Leave the images out and repeat the data exactly as given.

···

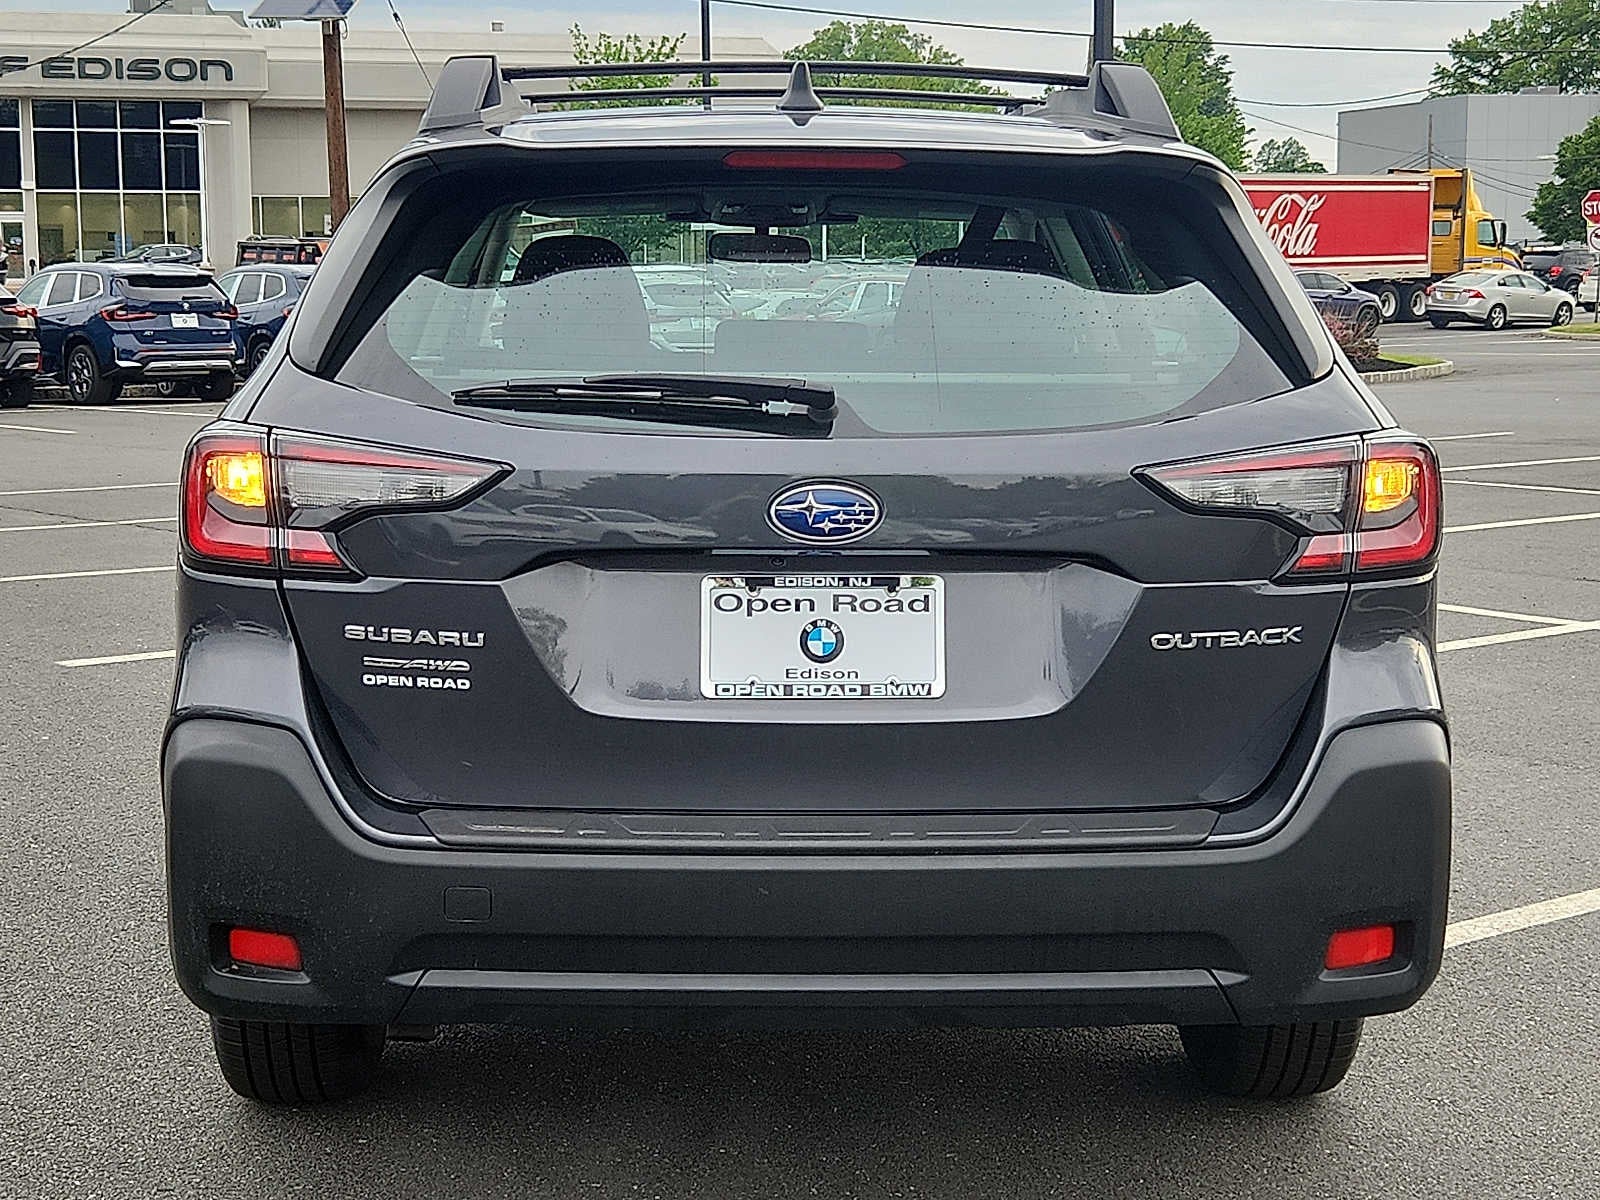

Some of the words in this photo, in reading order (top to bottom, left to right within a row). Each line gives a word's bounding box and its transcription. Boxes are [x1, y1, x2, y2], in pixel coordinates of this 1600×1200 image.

[774, 577, 844, 587] EDISON,
[848, 577, 872, 587] NJ
[713, 594, 815, 617] Open
[832, 594, 930, 613] Road
[344, 624, 485, 647] SUBARU
[1151, 626, 1303, 650] OUTBACK
[402, 659, 471, 671] AWD
[785, 668, 859, 679] Edison
[362, 674, 413, 687] OPEN
[416, 676, 471, 690] ROAD
[716, 684, 784, 696] OPEN
[792, 684, 862, 696] ROAD
[869, 684, 930, 696] BMW

···

*TASK RESPONSE*:
Some of the words in this photo, in reading order (top to bottom, left to right within a row). Each line gives a word's bounding box and its transcription. Boxes are [x1, y1, x2, y2], in pixel coordinates of this 1600×1200 image.

[774, 577, 844, 587] EDISON,
[848, 577, 872, 587] NJ
[713, 594, 815, 617] Open
[832, 594, 930, 613] Road
[344, 624, 485, 647] SUBARU
[1151, 626, 1303, 650] OUTBACK
[402, 659, 471, 671] AWD
[785, 668, 859, 679] Edison
[362, 674, 413, 687] OPEN
[416, 676, 471, 690] ROAD
[716, 684, 784, 696] OPEN
[792, 684, 862, 696] ROAD
[869, 684, 930, 696] BMW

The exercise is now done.